A big departure from the past

Sri Lankan President Gotabaya Rajapaksa (centre) interacts with supports during an election rally in Colombo. File   | Photo Credit: AP

Sri Lanka’s parliamentary election, scheduled for August 5, is unique for three reasons. One, there is no festive atmosphere associated with campaigning due to COVID-19-related safety protocols. On the bright side, the restrictions have meant fewer hate speeches, according to the Centre for Monitoring Election Violence, a Colombo-based non-governmental body.

Two, this is perhaps the first time in nearly 70 years that the Sri Lanka Freedom Party (SLFP) and the United National Party (UNP) are no longer considered the principal forces. The Sri Lanka Podujana Peramuna (SLPP), a four-year-old party headed by Prime Minister Mahinda Rajapaksa, has occupied the space vacated by the SLFP. The UNP, which was in power mostly between January 2015 and November 2019, has suffered a split with large sections of the party rallying around the party’s candidate for the 2019 presidential election, Sajith Premadasa, under the banner of the Samagi Jana Balawegaya (United People’s Front). This seems to have given the SLPP an advantage, despite the dissatisfaction among some people over the management of the COVID-19 crisis.
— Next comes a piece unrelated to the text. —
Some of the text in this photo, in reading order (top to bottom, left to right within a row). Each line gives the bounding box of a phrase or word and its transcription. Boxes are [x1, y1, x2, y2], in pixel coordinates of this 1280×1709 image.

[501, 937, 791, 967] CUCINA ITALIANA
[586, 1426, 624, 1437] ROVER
Also read: TNA faces biggest test in post-war decade as Sri Lanka gears up for election

Three, importance is being accorded to the economic agenda in the manifestos of the Tamil National Alliance (TNA), led by veteran parliamentarian R. Sampanthan, and the Tamil Makkal Thesiya Koottani (TMTK, Tamil People’s National Alliance), led by former Chief Minister of the Northern Province, C.V. Wigneswaran.

There are candidates from other parties in the fray too. In the Northern Province, Fisheries Minister Douglas Devananda, and chief of the Tamil National People’s Front, Gajendrakumar Ponnambalam, are seeking re-entry into Parliament through Jaffna. In the Eastern Province, commander-turned-rebel of the LTTE, Vinayagamoorthi Muraleetharan (Karuna Amman), and former Chief Minister of the Province, Sivanesathurai Chandrakanthan (Pillayan), are trying their luck in Ampara and Batticaloa, respectively.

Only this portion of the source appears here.